Muchos padres, al contemplar el candor y la alegría de sus niños, albergan el deseo secreto de que no crezcan nunca. Sobre todo, le temen a la llegada de la adolescencia, pues la transformación que se opera en ellos, a veces, provoca un sentimiento de impotencia ante un ser en quien se entrecruzan tormentosamente el infante con el adulto. Y no se trata de una experiencia etérea, sino que se manifiesta en el día a día, en especial, en la comunicación.
Una de las quejas frecuentes es que los jóvenes en esta etapa no miran cuando se les habla. “Grosero”, “irrespetuosa”, los llaman. Ahora, la neurociencia llega a conclusiones útiles para comprender esta y otras actitudes irritantes.
Estudiosos de la Escuela de Psicología de la Universidad de Kent encontraron que durante una conversación ellos gastan 12 por ciento menos de tiempo mirando al interlocutor que los adultos jóvenes. Lo sorprendente es que su intención no es ser descorteses, sino que están haciendo su mejor esfuerzo para fijar esa atención que tanto les reclaman.
“A los adolescentes se les dificulta procesar las exigencias de la conversación, o sea, ejercitar la memoria, mostrar interés y procesar el contenido, por la constitución de su cerebro”, le explicó a The Times, de Londres, la profesora Heather Ferguson. Ella formó parte de la investigación, cuyo eje fue la base cognitiva de la comunicación social.
Si esquivan la mirada, es porque intentan reducir la información visual o extra que deben procesar mientras hablan. Es curioso, detalló el estudio (publicado por la revista científica Nature Human Behaviour), que no solo evitan la vista de quien los interpela, sino que dirigen sus ojos a un fondo liso, como la pared o el techo, cuya información no es tan compleja ni dinámica como sucede con las caras.

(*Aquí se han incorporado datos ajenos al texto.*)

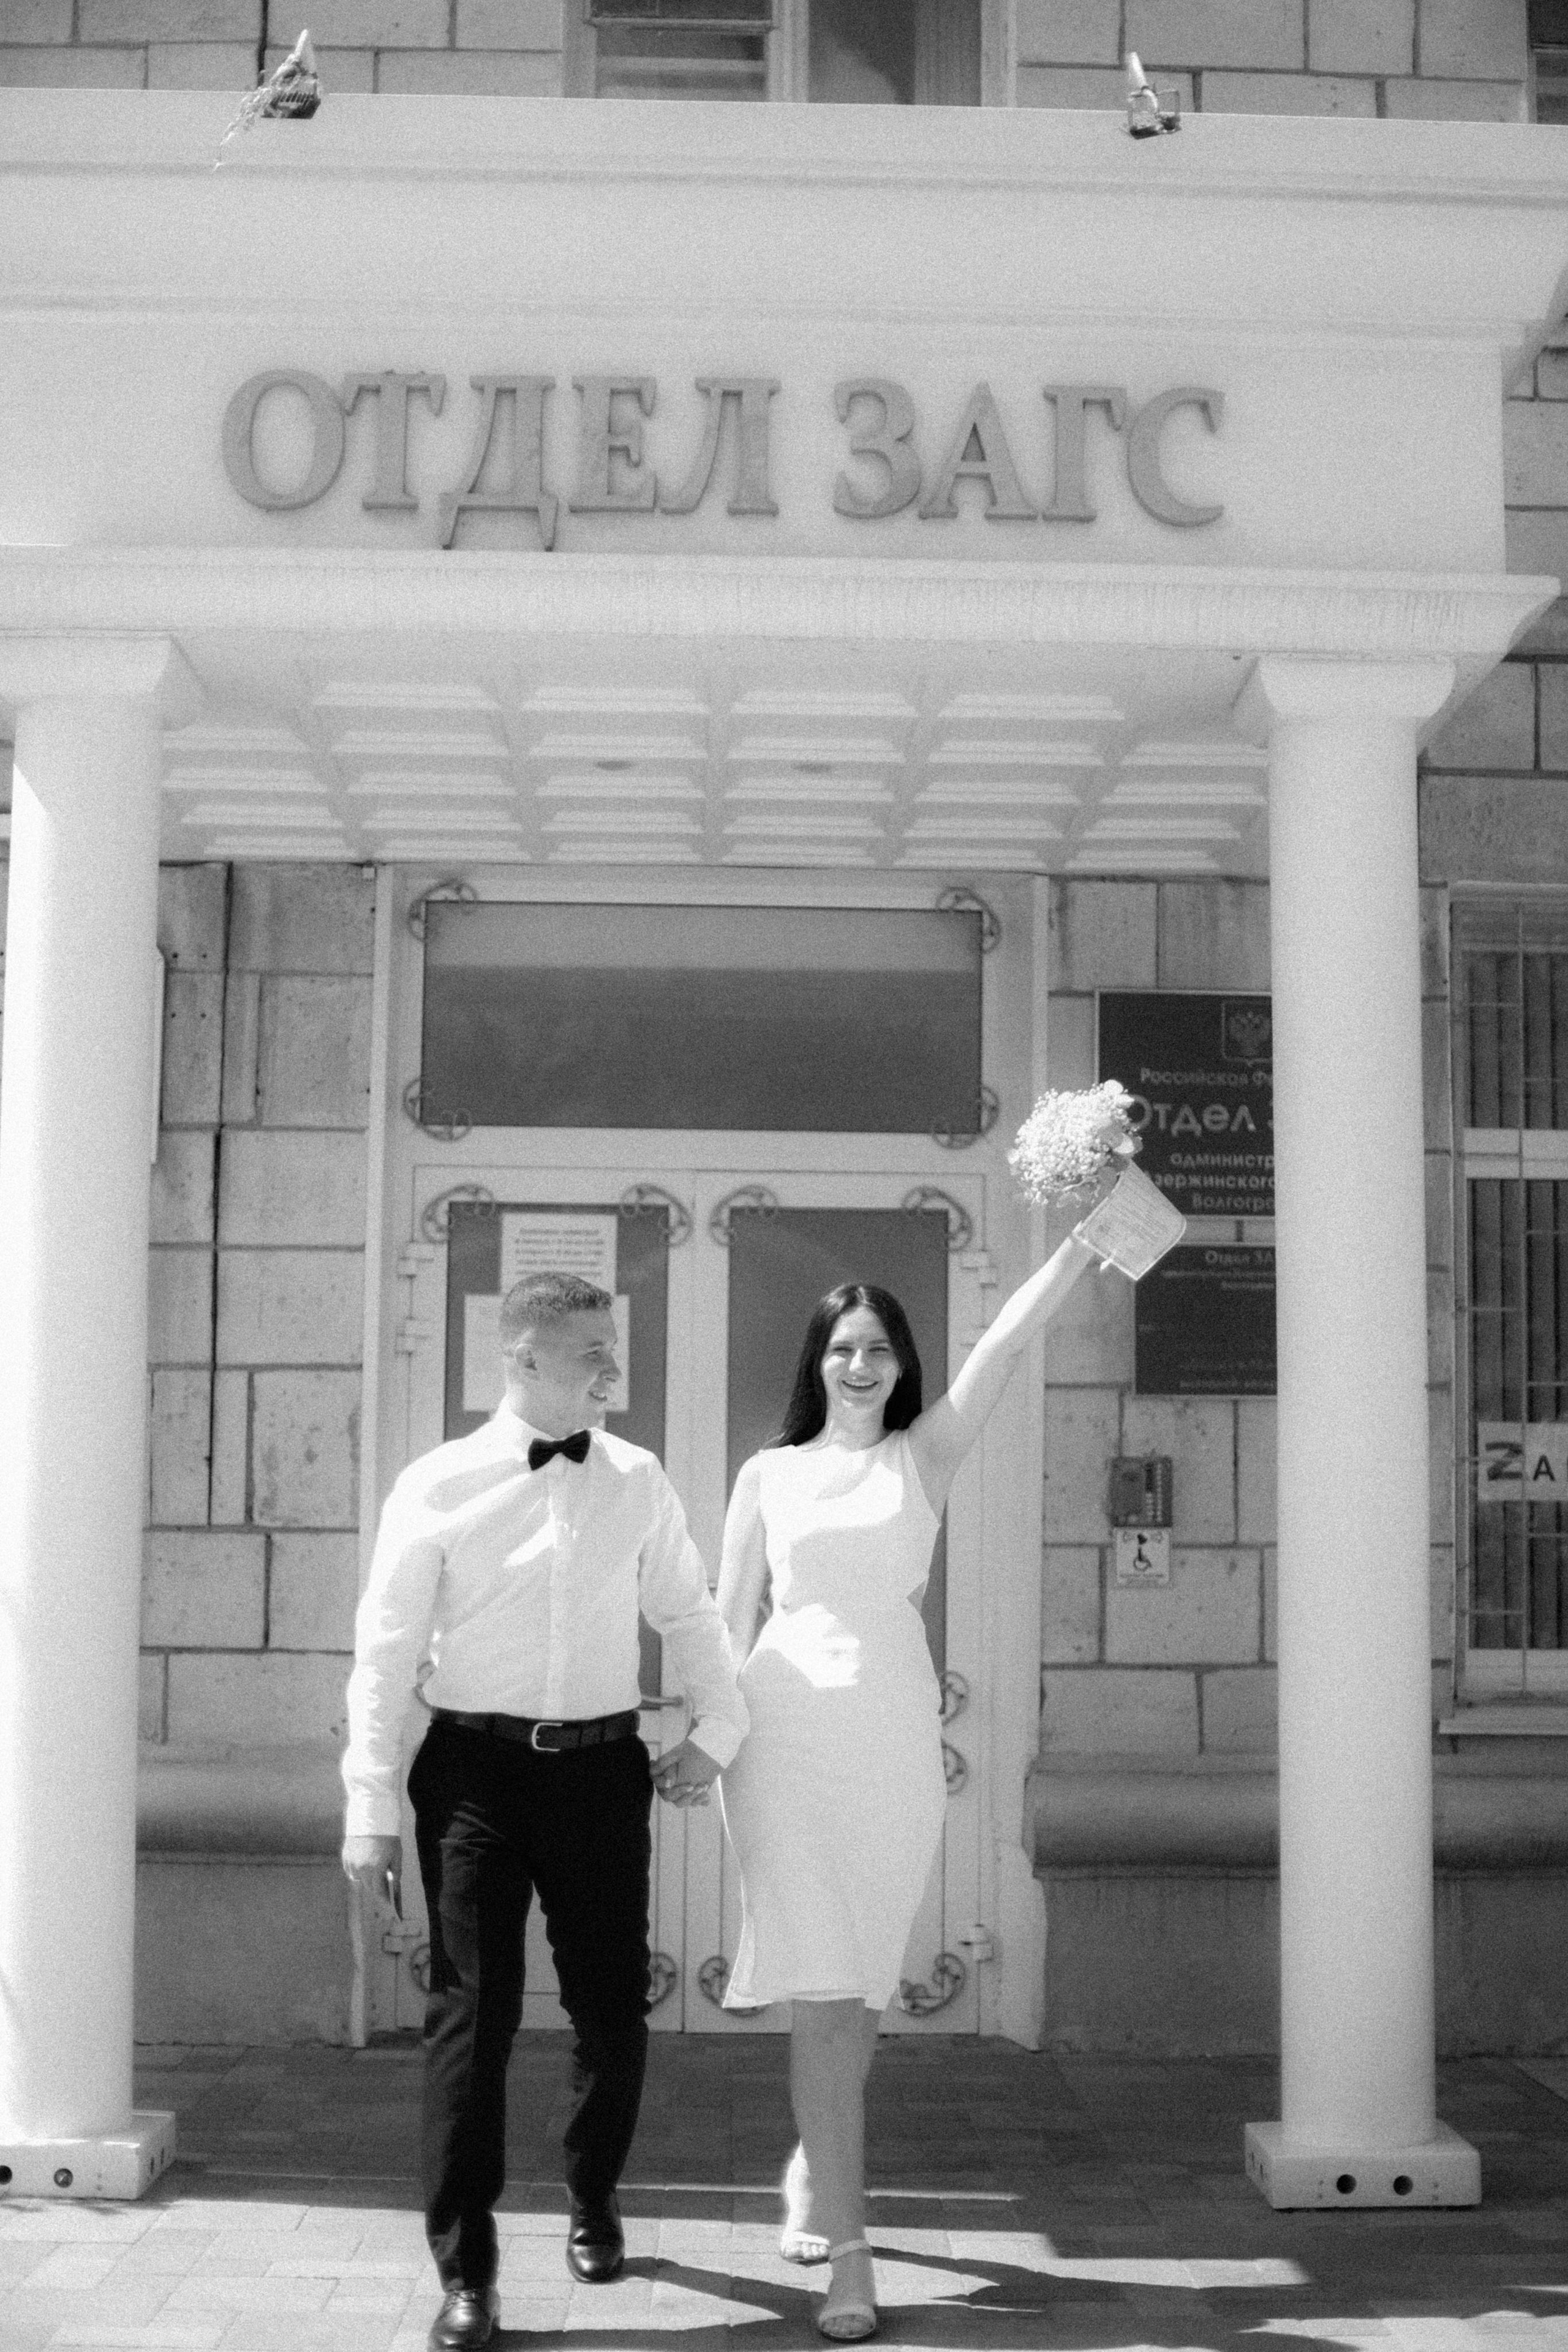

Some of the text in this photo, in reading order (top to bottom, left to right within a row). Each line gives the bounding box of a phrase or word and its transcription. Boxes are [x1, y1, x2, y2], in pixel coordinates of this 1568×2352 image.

El consejo de la doctora Ferguson para los padres es no darles lata con eso de “mírame cuando te hablo”, pues puede que los entiendan menos.
Para nada insensibles
La comunicación con los púberes también se ve afectada porque responden con silencio a las preguntas de papá y mamá, y esto no se le puede achacar a su cerebro, según lo descubierto hasta ahora, pero la psicología tiene una teoría.
La doctora Sarah-Jayne Blakemore, quien enseña neurociencia cognitiva en la Universidad de Cambridge, Inglaterra, le declaró al periódico inglés que se debe a la complejidad de sus vidas y a que les cuesta entender sus sentimientos. Eso sí, interactúan de maravilla entre ellos, luego no son del todo incapaces de poner en uso esas habilidades.

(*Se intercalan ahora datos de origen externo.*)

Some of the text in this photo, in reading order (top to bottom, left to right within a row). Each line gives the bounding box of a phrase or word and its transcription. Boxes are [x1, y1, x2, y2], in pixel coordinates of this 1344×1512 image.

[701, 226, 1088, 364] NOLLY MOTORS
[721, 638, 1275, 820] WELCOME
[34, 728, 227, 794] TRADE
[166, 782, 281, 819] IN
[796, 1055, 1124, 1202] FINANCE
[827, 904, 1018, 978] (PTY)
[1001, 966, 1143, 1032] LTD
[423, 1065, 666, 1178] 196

La razón de su distancia con los adultos puede estar inspirada en los dictados de la evolución y la adaptación, de acuerdo con Blakemore, quien observó para The Times: “Necesitan independizarse gradualmente de sus familias y asociarse con sus pares para aprender cómo integrarse a la sociedad. Crear su propio lenguaje y mundo social es realmente importante para ellos”.

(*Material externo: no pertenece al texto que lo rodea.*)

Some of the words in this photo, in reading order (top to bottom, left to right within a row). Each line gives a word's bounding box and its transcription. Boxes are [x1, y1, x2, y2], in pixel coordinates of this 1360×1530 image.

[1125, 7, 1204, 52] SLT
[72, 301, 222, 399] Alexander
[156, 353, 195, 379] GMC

Otra creencia es que estos jóvenes son insensibles. La ciencia, empero, sugiere lo opuesto, y un indicio de ello se manifiesta en cómo viven una emoción como el miedo.
Por citar un caso, los asalta el temor de que todo el mundo los odia en el colegio y lo experimentan como si el mundo se les cayera encima. Los padres suelen considerar que están siendo dramáticos o ridículos.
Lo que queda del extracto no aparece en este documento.